As part of a randomized controlled clinical trial in Germany, Haller and colleagues collected almost 1,000 stool samples from 210 infants over their first year of life, using 16S ribosomal RNA gene sequencing and shallow metagenomic sequencing to profile gut bacterial community composition and gene content in stool samples collected over time at specified times of day.
From there, they were able to compare fecal gut microbe and metabolite patterns at 2 weeks, 1 month, 3 months, 7 months, 12 months, and 24 months of age in infants who were breastfed or fed using formula with or without galacto-oligosaccharide (GOS) sugars or breast milk-derived bifidobacteria supplementation, alone, or in combination.
"Exclusively breastfed infants served as a reference group to evaluate the impact of infant formula feeding," the authors explained.
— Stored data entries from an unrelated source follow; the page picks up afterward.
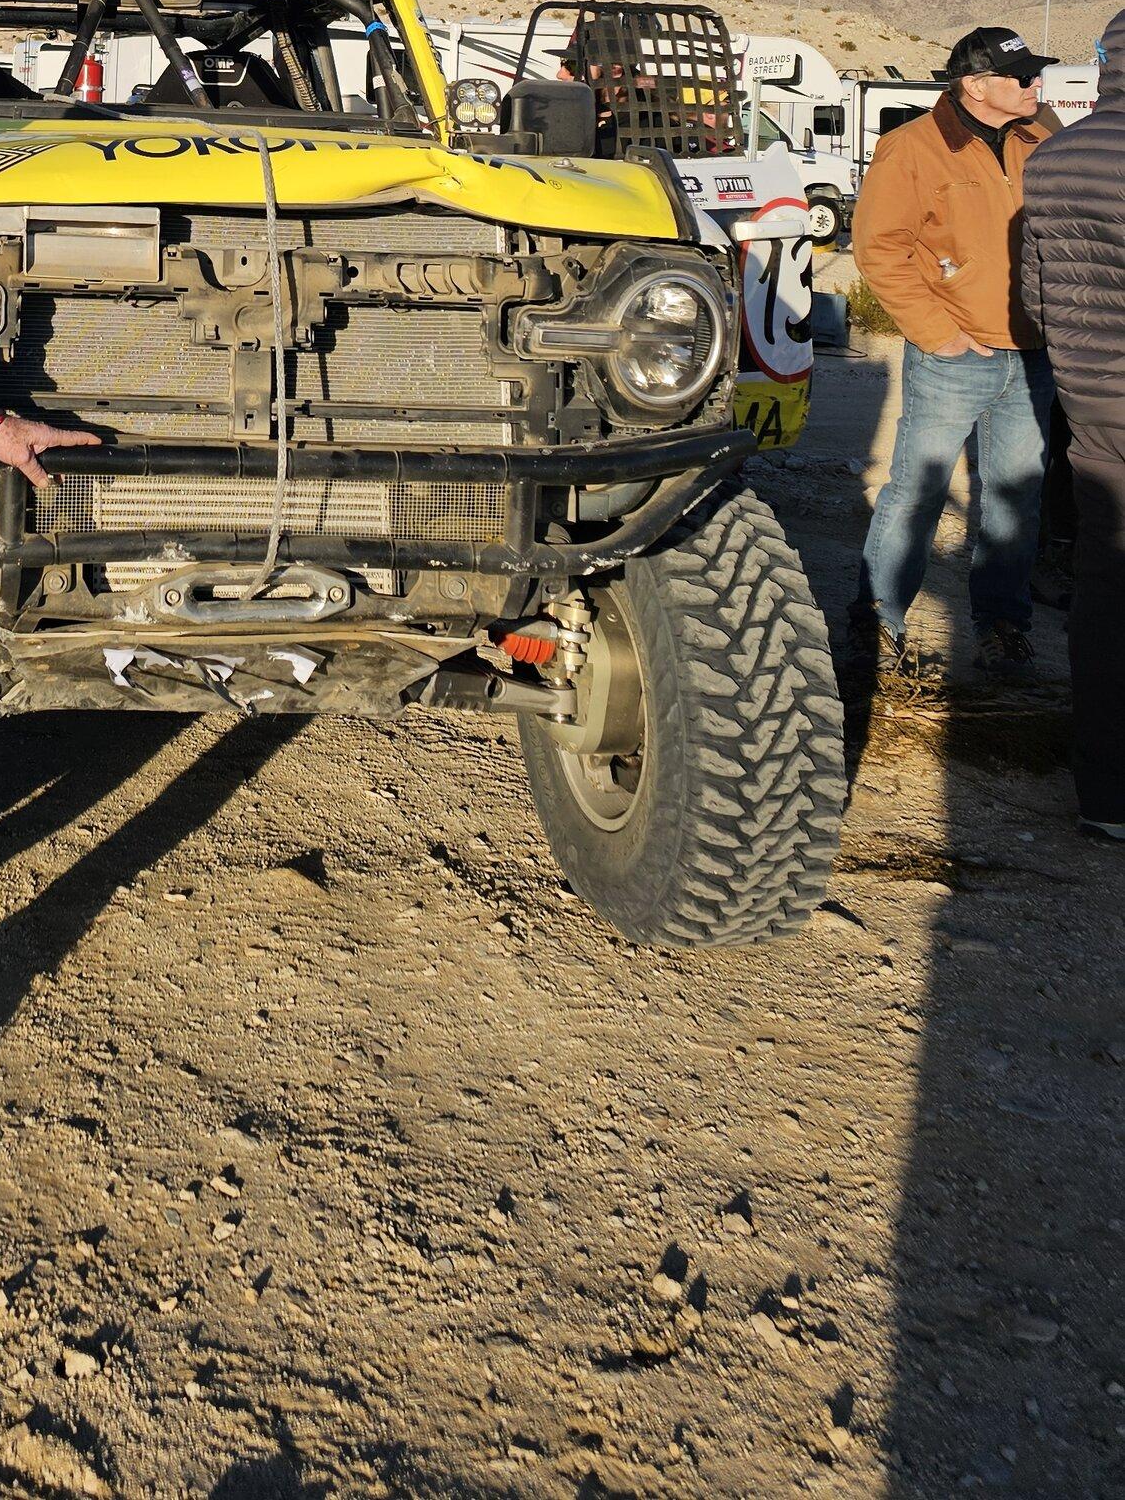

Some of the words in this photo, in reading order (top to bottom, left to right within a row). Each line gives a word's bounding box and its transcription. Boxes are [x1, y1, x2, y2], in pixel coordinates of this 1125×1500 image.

[204, 57, 235, 69] OMP
[748, 54, 791, 66] BADLANDS
[753, 64, 784, 75] STREET
[1058, 100, 1087, 109] MONTE
[715, 177, 753, 192] OPTIMA
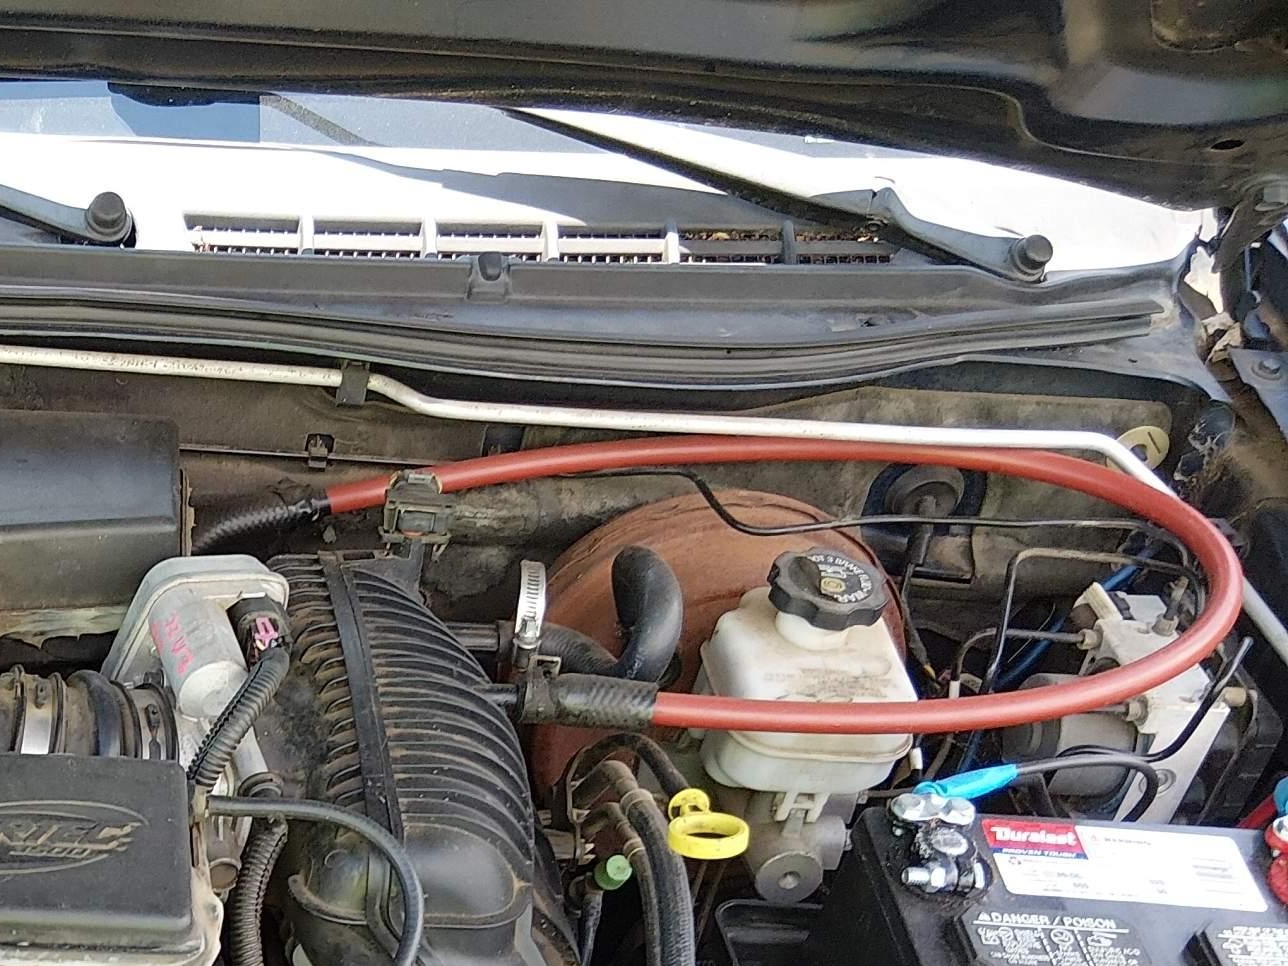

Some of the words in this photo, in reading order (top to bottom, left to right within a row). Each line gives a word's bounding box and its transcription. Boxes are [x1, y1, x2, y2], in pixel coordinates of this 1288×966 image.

[991, 826, 1078, 847] Duralast
[1001, 848, 1043, 857] PROVEN
[991, 912, 1049, 926] DANGER
[1063, 916, 1117, 929] POISON
To that, the team further added untargeted metabolomic data generated with ultra-high performance liquid chromatography and quadrupole time-of-flight mass spectrometry on fecal, formula, and breast milk samples.
Although the team did see subtle diet-related differences in gut microbial community composition between infants — including an uptick in Bifidobacterium species B. longum and B. breve in samples from infants receiving GOS-supplemented formula — the overall gut microbiome patterns were largely comparable across diet in infants who were the same age.
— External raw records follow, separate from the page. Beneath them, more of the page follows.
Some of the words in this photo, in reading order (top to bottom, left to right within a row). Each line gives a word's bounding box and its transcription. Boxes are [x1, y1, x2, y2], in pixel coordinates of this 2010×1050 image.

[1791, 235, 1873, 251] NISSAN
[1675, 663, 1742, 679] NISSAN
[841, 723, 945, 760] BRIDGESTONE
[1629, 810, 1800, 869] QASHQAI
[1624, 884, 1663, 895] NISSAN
"When we compared breastfed and formula-fed infants, the differences in microbiome colonization were marginal," Haller said in a statement. Such results suggested that the human intestinal system "is probably a little bit more flexible in adapting to what the environment has to offer," he added.
In particular, the results pointed to an age-related rise in bacterial richness and diversity, along with enhanced representation by bifidobacterial species in older infants.
Despite the presence of diet-associated metabolite patterns, meanwhile, the investigators were able to identify 24-hour oscillations in both bacterial composition and metabolite profiles in infant fecal samples collected at different times of day across the dietary groups.
Together, such results suggested that "circadian regulation starts at the early stages of life," they wrote, "with possible functional contribution to the infant microbiome."
The team went on to confirm the daily rhythmicity of dominant taxa isolated from infant gut samples in a chemostat model used to grow the bugs in the lab, supporting the notion that the infant gut microbes follow a circadian cycle that develops as the children age.
The study's authors suggested that such findings point to the "need for further analysis of circadian fluctuations of both bacteria and metabolites and their functional role in contributing to the benefits of infant nutrition."